HIDDEN 2022 Online Exhibit
In the first weeks of the pandemic, I sat for hours in a corner of the smallest room of my rural mountain cabin, pondering my newfound need for stillness. Something in those early, awful days triggered a visceral childhood desire to hide. Gradually it occurred to me that I could hide outdoors, so on most days, I found my way out to the woods. Exploring the forest became the high point of the following weeks and months of pandemic isolation. My woodland walks were restful and rich in imagery. The old need to hide came with a gift: half forgotten memories of childhood landscapes, real and imaginary, came back to me with a vivid poignancy that felt almost dreamlike. Often as a child, I would dream of doorways between trees, or of split level paths on steep hillsides, or of reflections in pools that didn’t quite match, as though either the reflected world or the one above were slightly askew.

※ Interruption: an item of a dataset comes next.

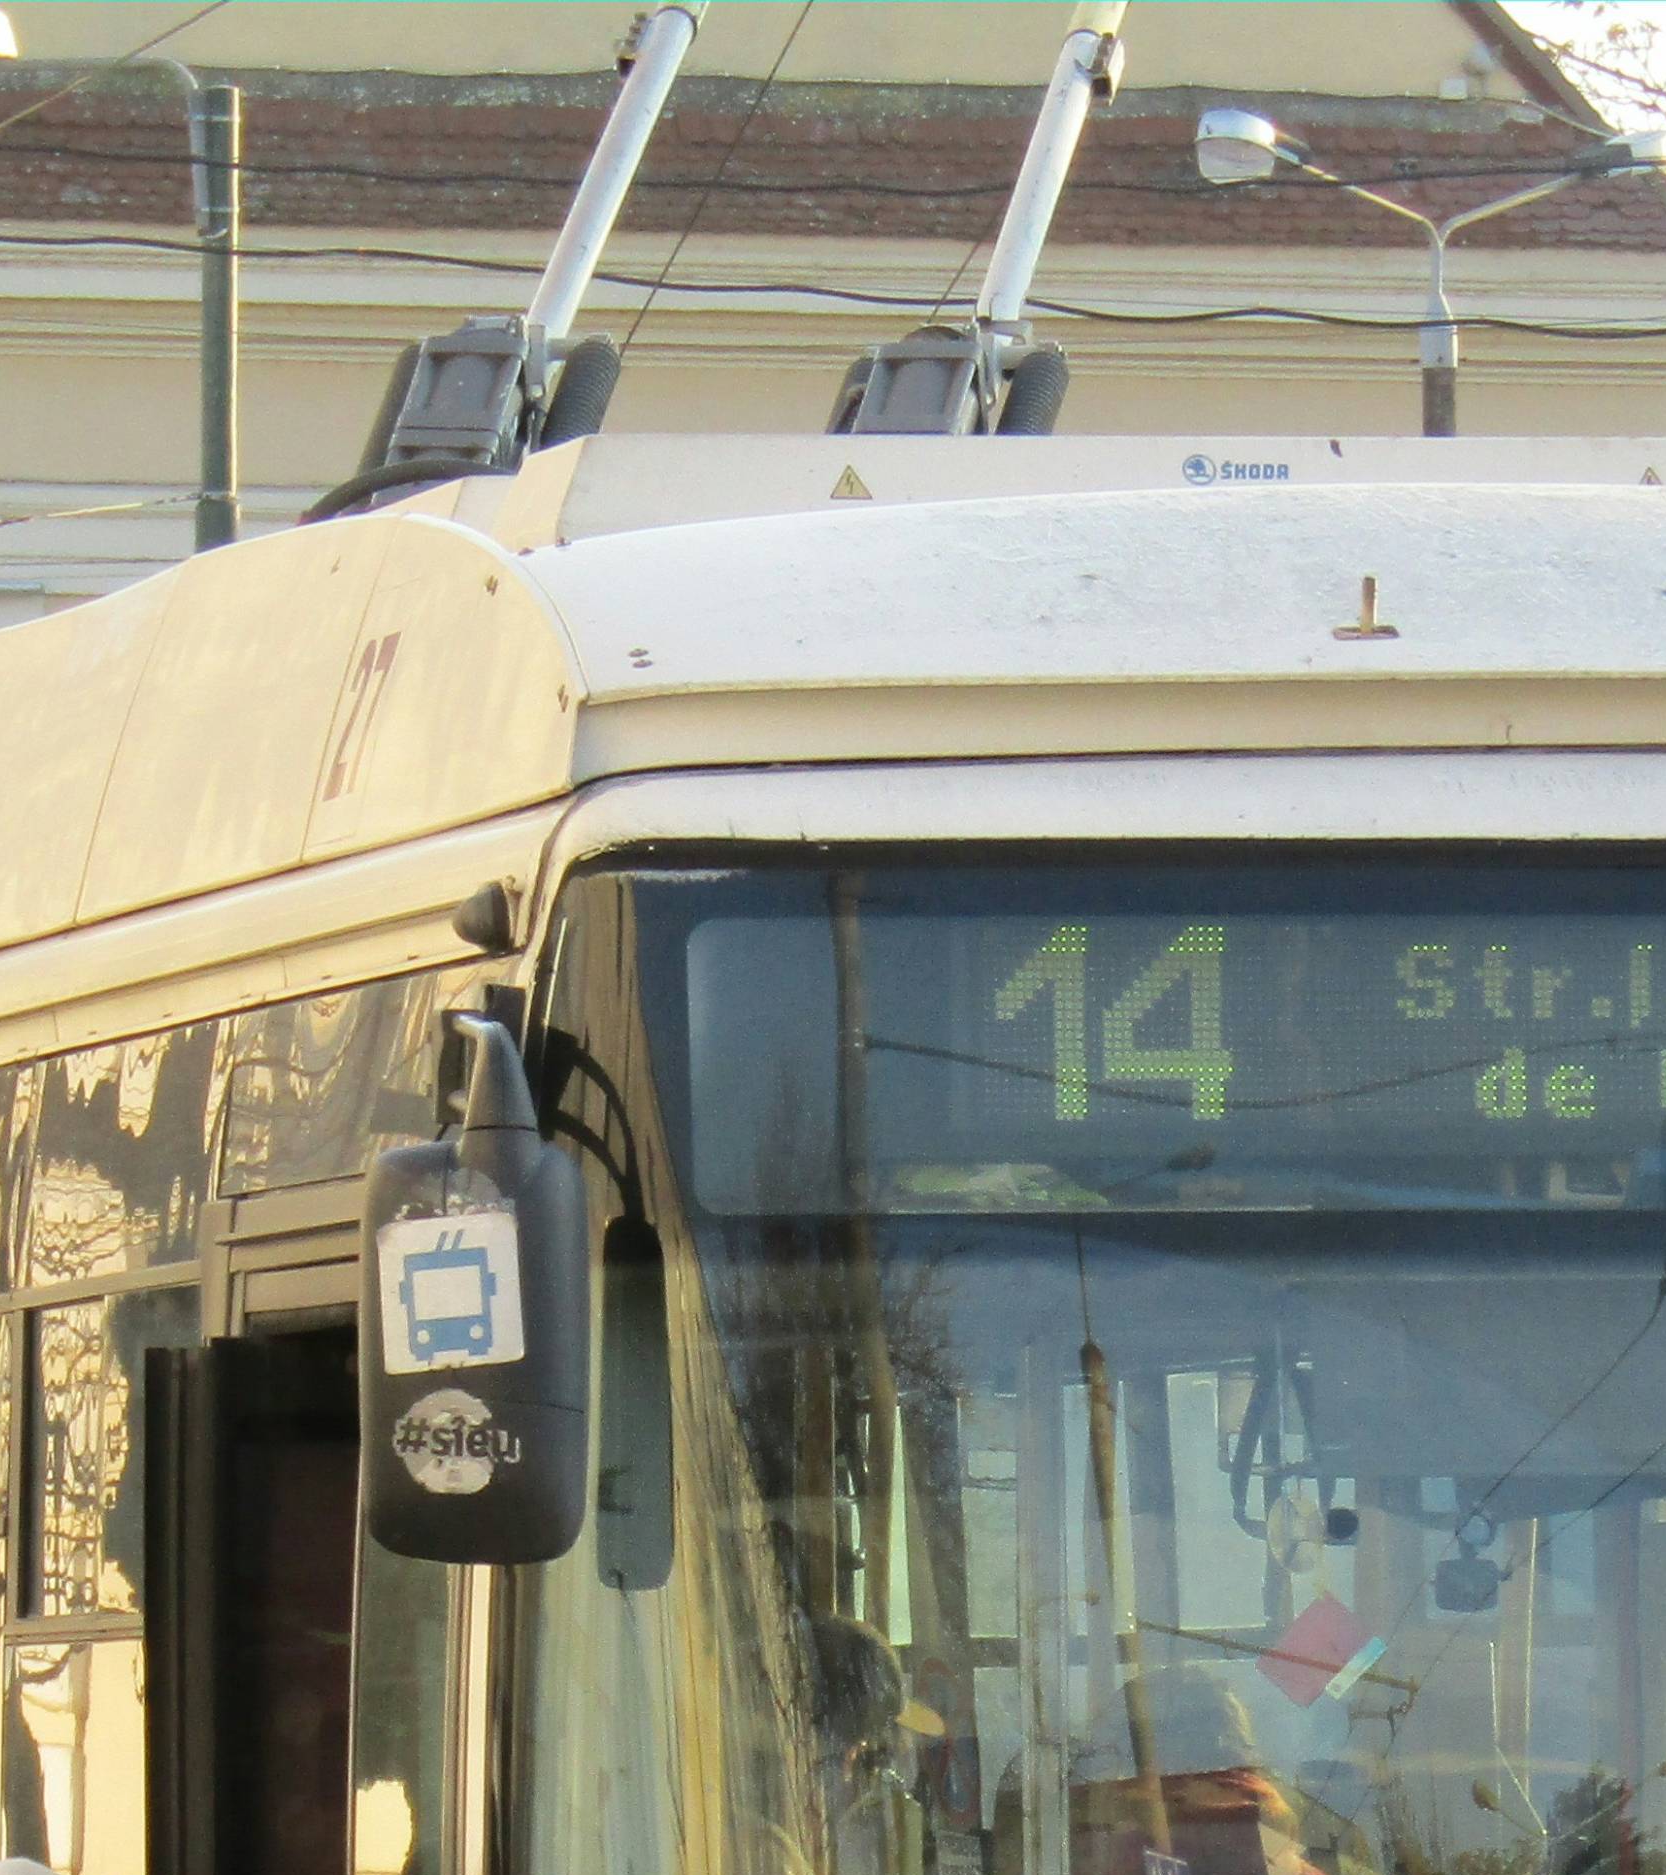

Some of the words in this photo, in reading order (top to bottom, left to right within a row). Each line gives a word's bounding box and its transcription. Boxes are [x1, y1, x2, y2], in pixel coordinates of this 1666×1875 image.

[322, 631, 402, 802] 27
[994, 926, 1234, 1121] 14
[1476, 1047, 1596, 1119] de
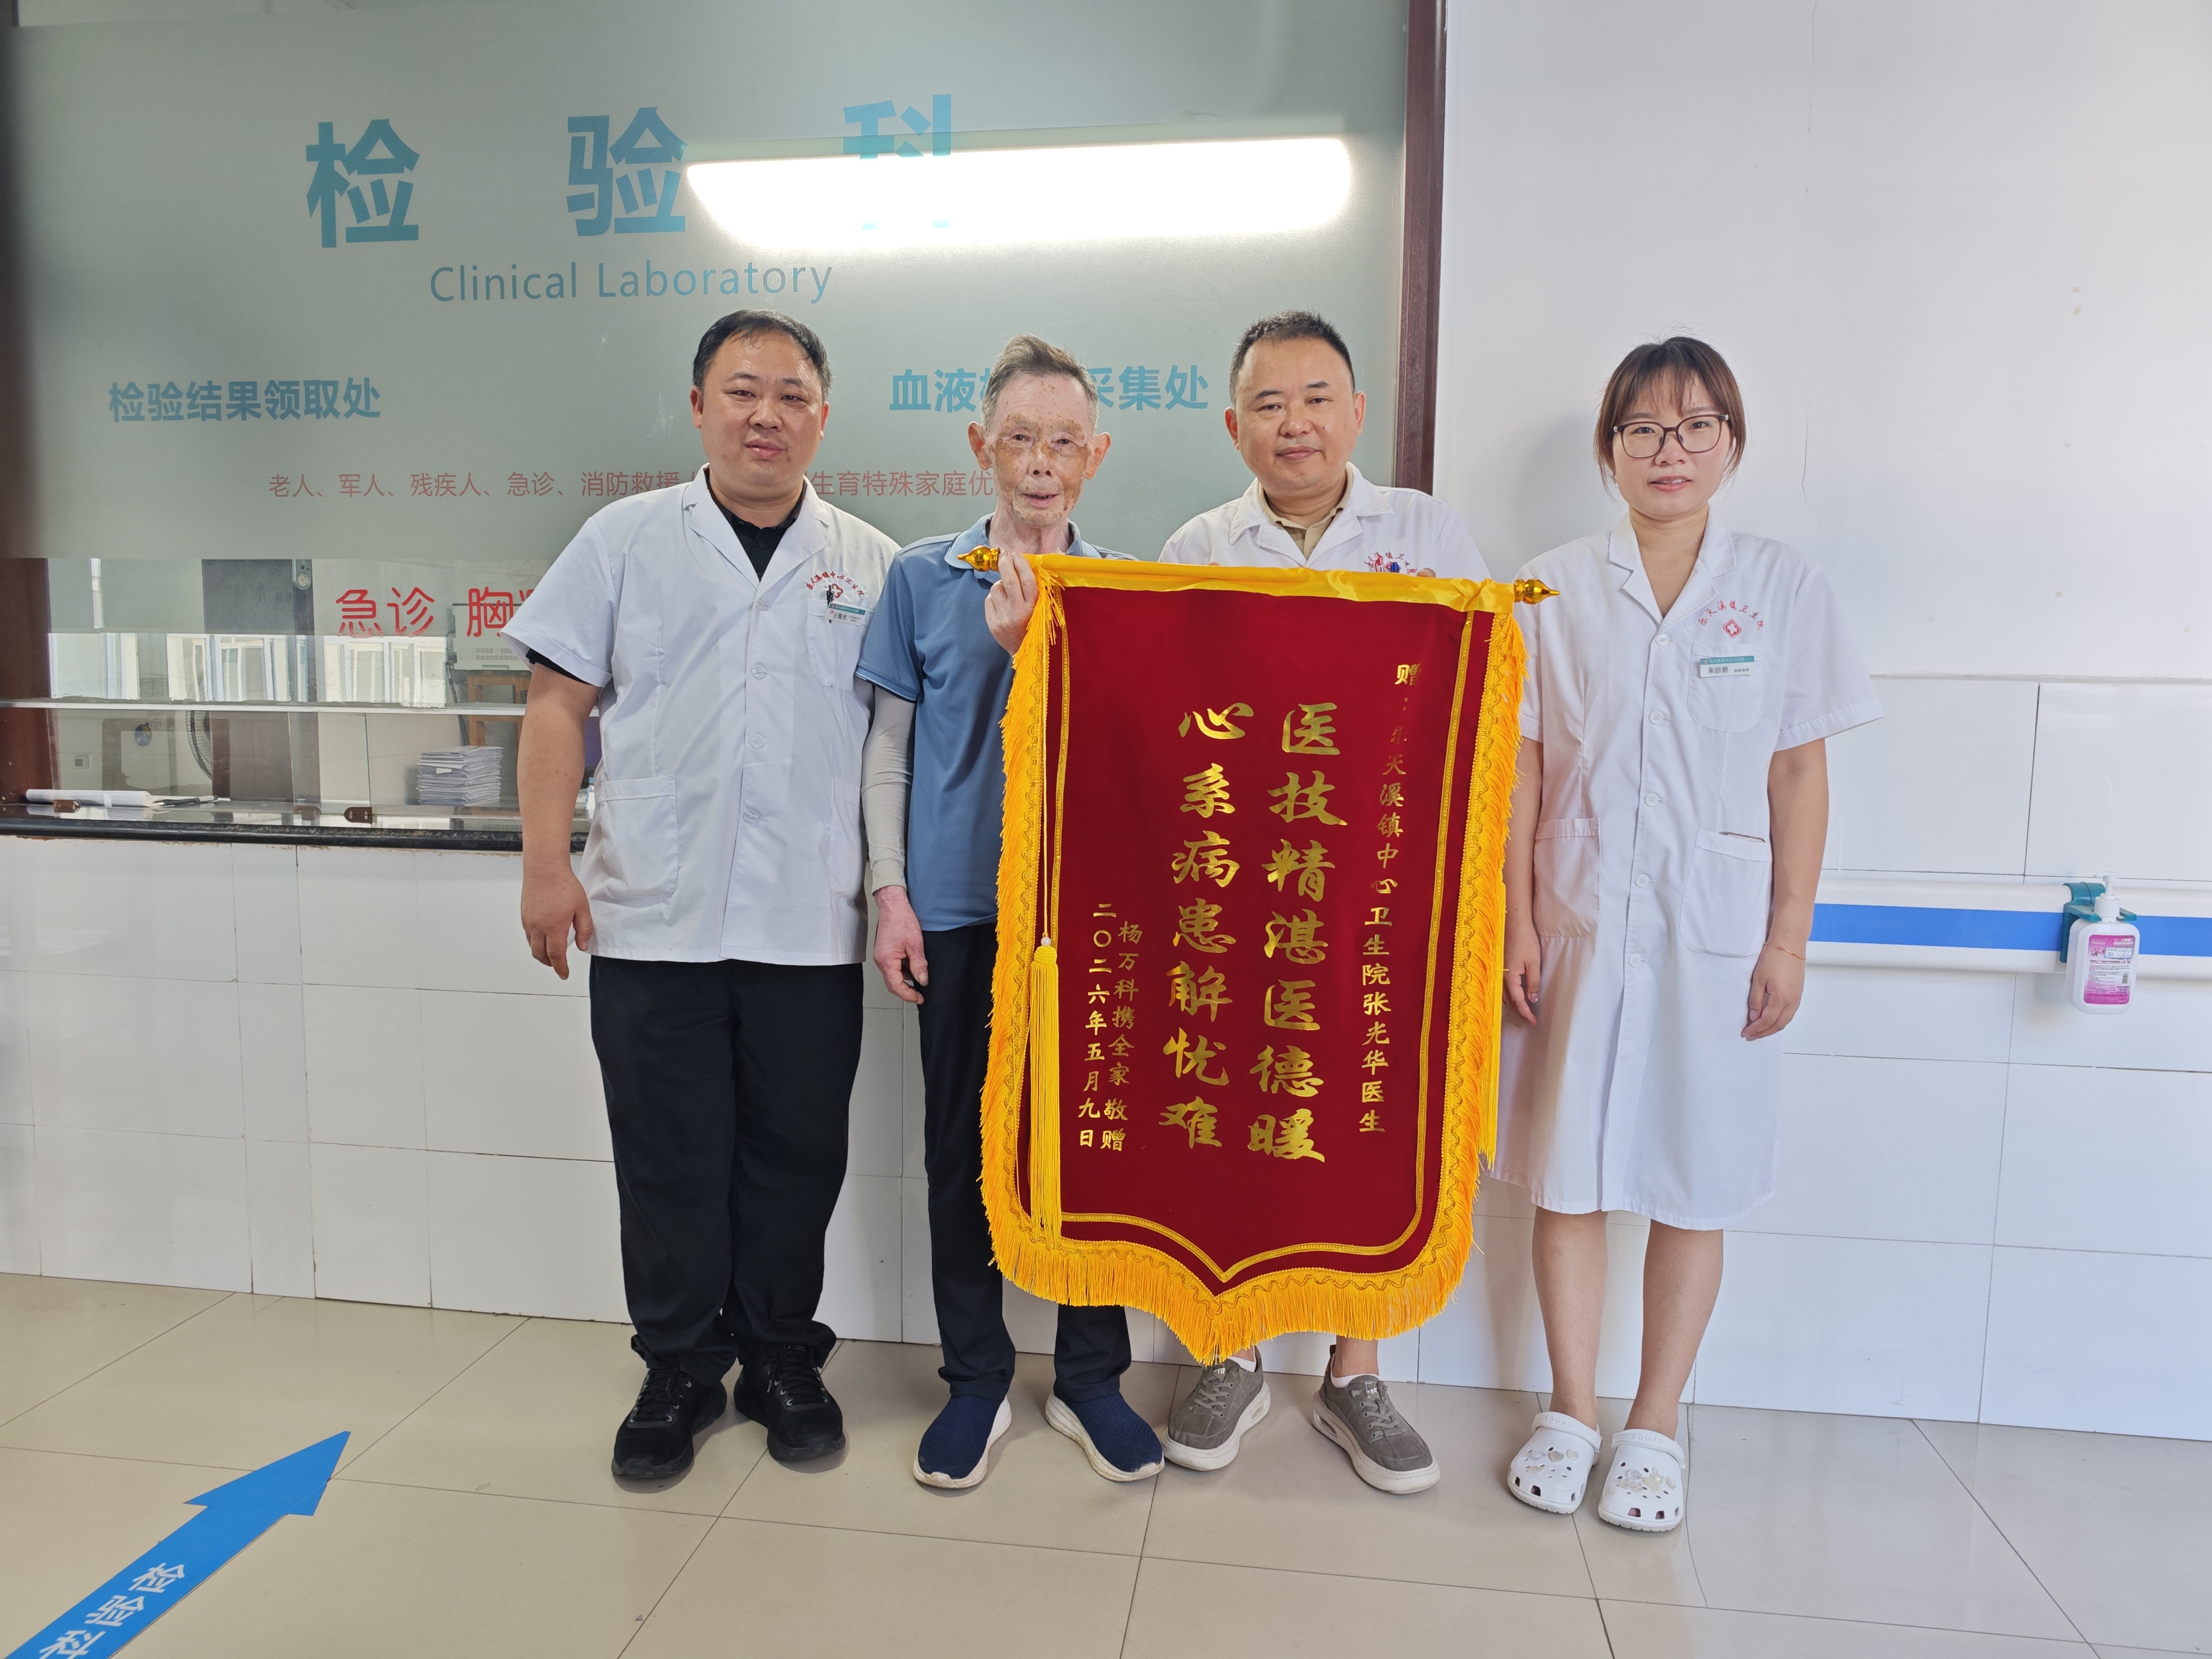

The forest felt not only safe but spacious, especially after I began to explore the network of abandoned paths that existed side by side with the trails I was familiar with, and I could come and go without risking human encounters. Individual trees gathered like old friends at the edges of sunny outdoor rooms. Small seeps and ponds held miniature forests of mosses perched on rocks. Winter’s low light felt intimate, illuminating animal tracks and delicate grasses, and casting long blue shadows on the snow. In this way, the cycle of the seasons passed, and so too did the worst of the pandemic.
I have emerged with a new series of oil and cold wax paintings. Favorite childhood stories deepened my appreciation for this time out of time, and are woven into this body of work. Often a solitary tree or stone serves as a metaphor for my own participation in the moments they evoke. Some pieces are painted over completely different images. They all share a quality of something disguised or hidden, not fully revealed.
….There was only wind blowing through the tree, the sound of sparrows chirping, and the warmth of the sun. No me. I, the observer, was absent, absorbed completely in the experience. Who was ‘I’ during those moments where there was only wind in the trees?